## TASK PROMPT
With the images left out, print every entry that follows exactly.
-*-*-
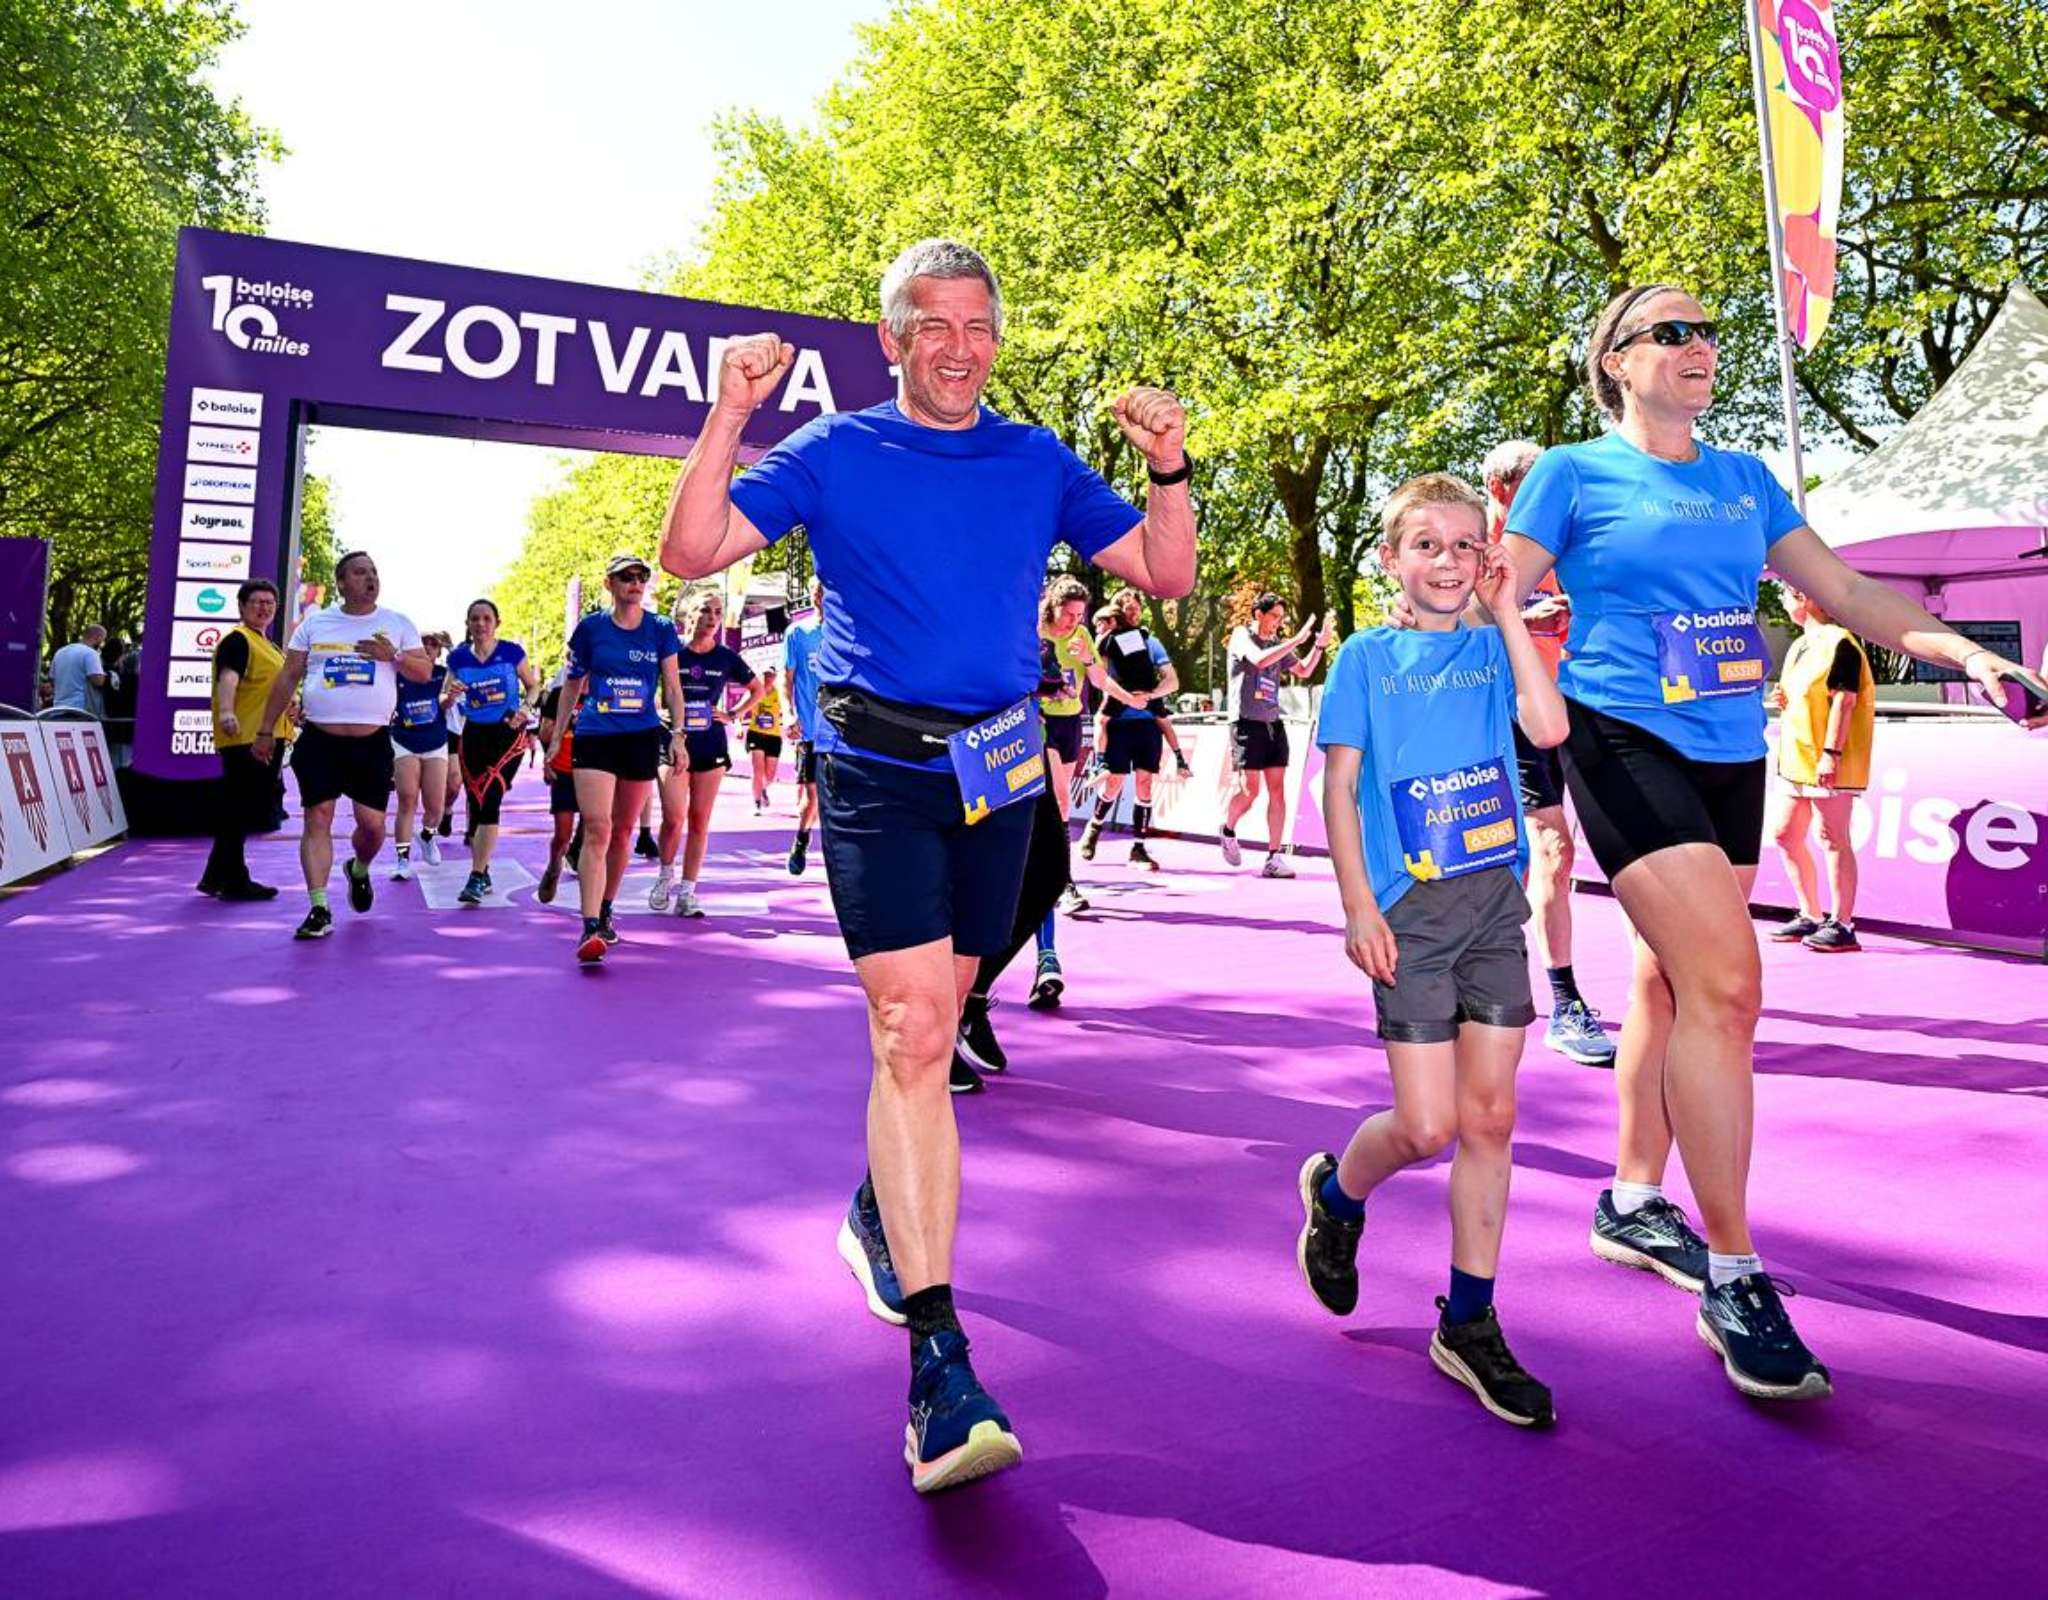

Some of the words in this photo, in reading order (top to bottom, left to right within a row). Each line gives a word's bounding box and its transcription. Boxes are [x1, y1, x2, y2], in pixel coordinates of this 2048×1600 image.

[236, 277, 314, 301] baloise
[252, 336, 310, 356] miles
[382, 294, 577, 385] ZOT
[211, 402, 257, 416] baloise
[1694, 608, 1754, 628] baloise
[1695, 635, 1745, 656] Kato
[980, 707, 1026, 742] baloise
[985, 739, 1026, 772] Marc
[1432, 765, 1500, 795] baloise
[1425, 795, 1501, 827] Adriaan
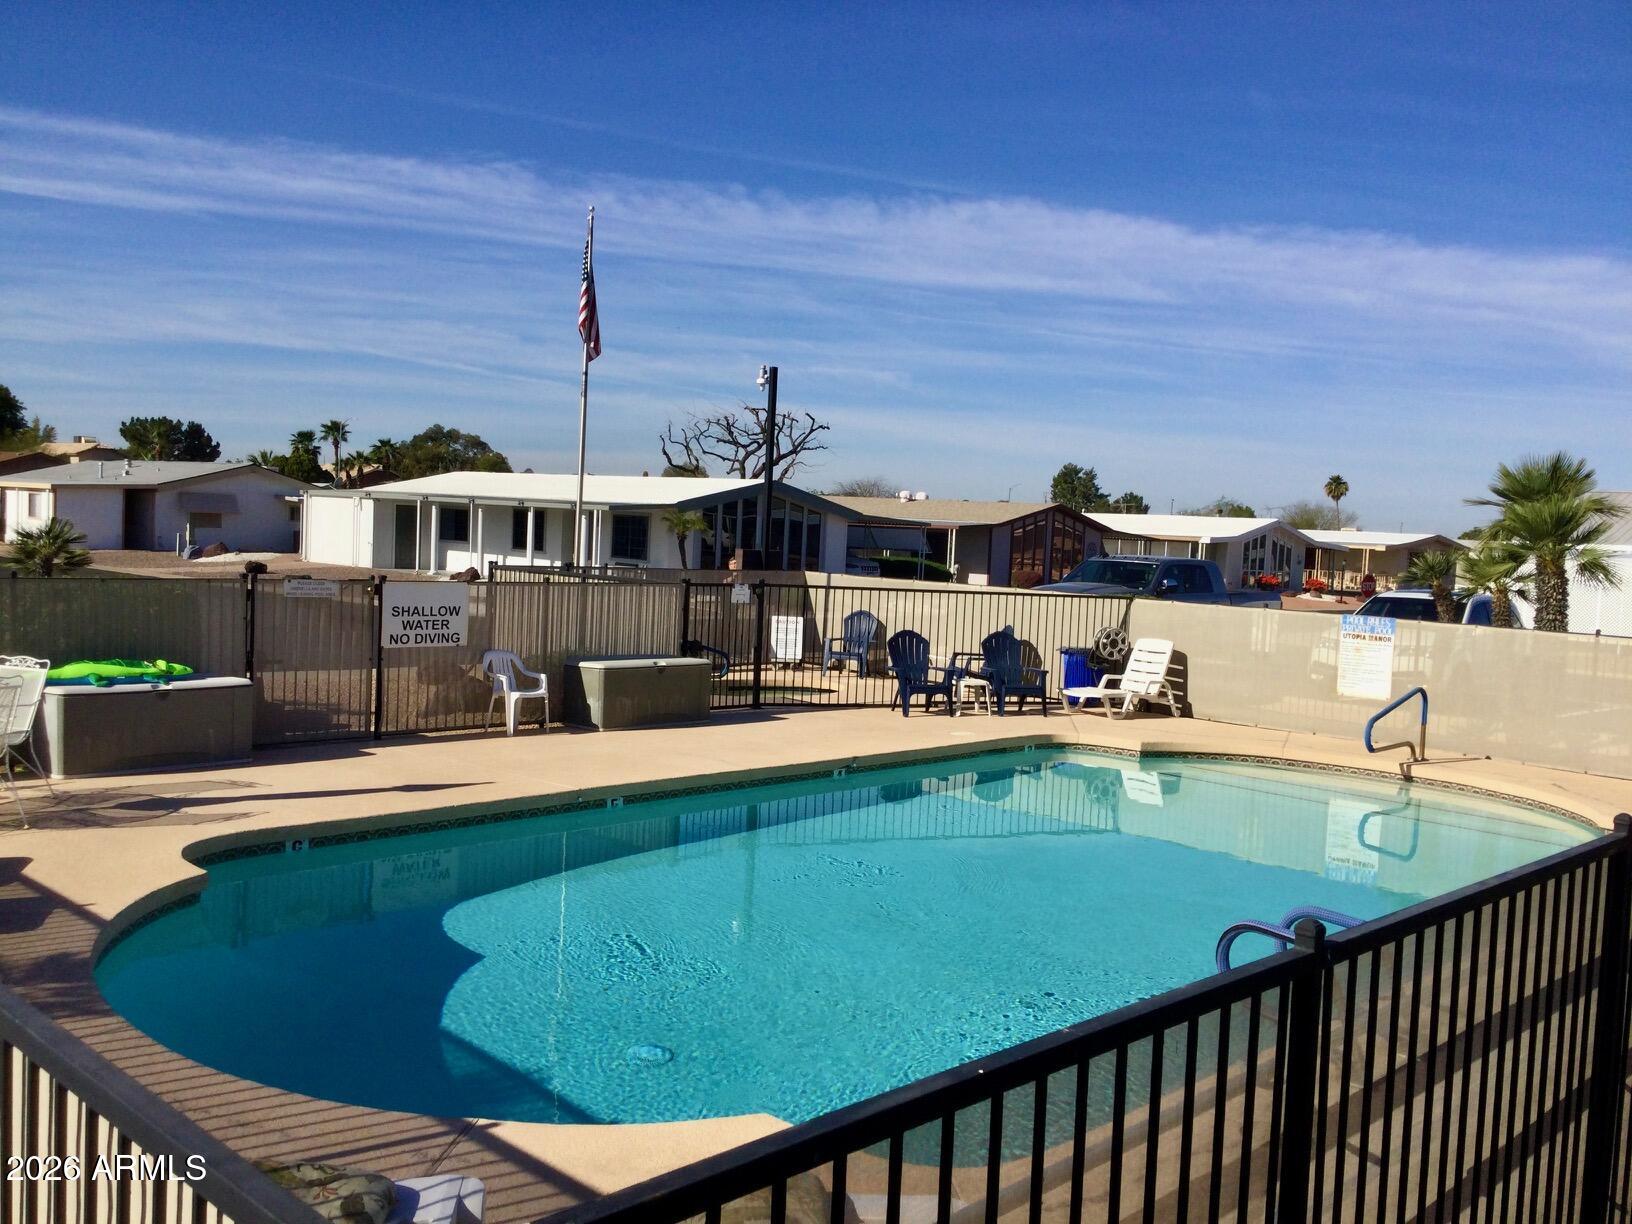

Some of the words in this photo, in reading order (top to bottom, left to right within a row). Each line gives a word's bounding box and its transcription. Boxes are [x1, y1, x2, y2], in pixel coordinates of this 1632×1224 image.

[391, 606, 461, 617] SHALLOW
[401, 619, 450, 631] WATER
[1347, 616, 1363, 625] POOL
[1367, 617, 1391, 627] RULES
[389, 633, 410, 645] NO
[414, 632, 460, 644] DIVING
[1343, 633, 1366, 641] UTOPIA
[1369, 635, 1392, 643] MANOR
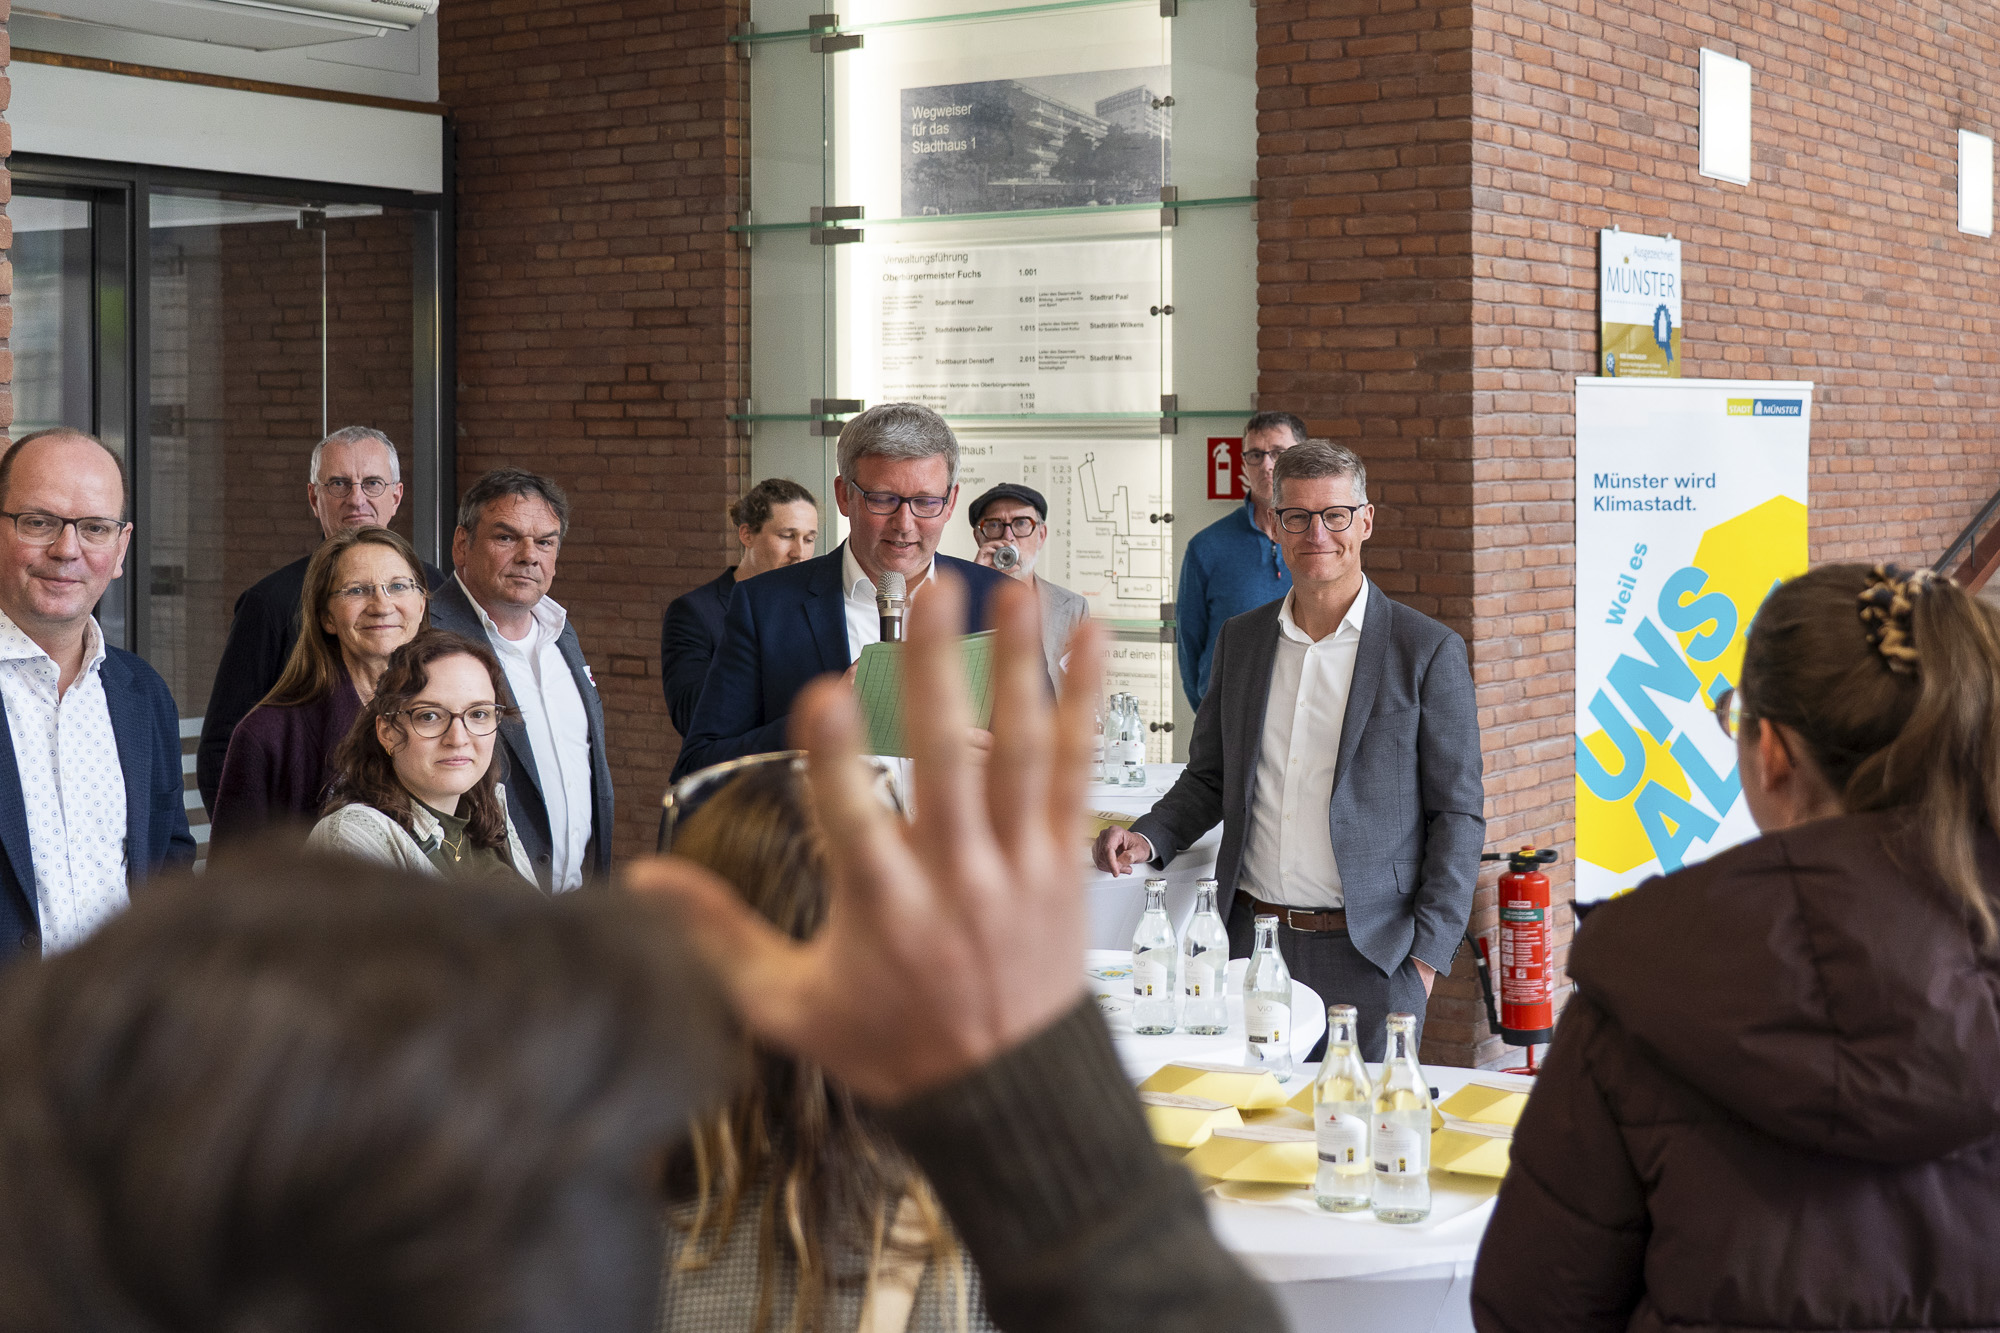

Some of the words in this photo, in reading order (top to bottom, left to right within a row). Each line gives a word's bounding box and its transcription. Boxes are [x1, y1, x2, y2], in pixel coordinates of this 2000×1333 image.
-*-*-
## RESPONSE TO THIS TASK
Some of the words in this photo, in reading order (top to bottom, left to right within a row). Each line gives a word's bounding box and its transcription. Boxes are [x1, y1, x2, y2], in pixel coordinates of this 2048×1600 image.

[236, 277, 314, 301] baloise
[252, 336, 310, 356] miles
[382, 294, 577, 385] ZOT
[211, 402, 257, 416] baloise
[1694, 608, 1754, 628] baloise
[1695, 635, 1745, 656] Kato
[980, 707, 1026, 742] baloise
[985, 739, 1026, 772] Marc
[1432, 765, 1500, 795] baloise
[1425, 795, 1501, 827] Adriaan

Some of the words in this photo, in reading order (top to bottom, left to right within a row). Each line gives a word's bounding box and its transcription. Boxes are [x1, y1, x2, y2], in pixel coordinates of this 1632×1224 image.

[391, 606, 461, 617] SHALLOW
[401, 619, 450, 631] WATER
[1347, 616, 1363, 625] POOL
[1367, 617, 1391, 627] RULES
[389, 633, 410, 645] NO
[414, 632, 460, 644] DIVING
[1343, 633, 1366, 641] UTOPIA
[1369, 635, 1392, 643] MANOR

Some of the words in this photo, in reading order (top to bottom, left to right within a row). Each line gives a word's bounding box and its transcription. Boxes are [x1, y1, x2, y2], in pixel coordinates of this 2000×1333 image.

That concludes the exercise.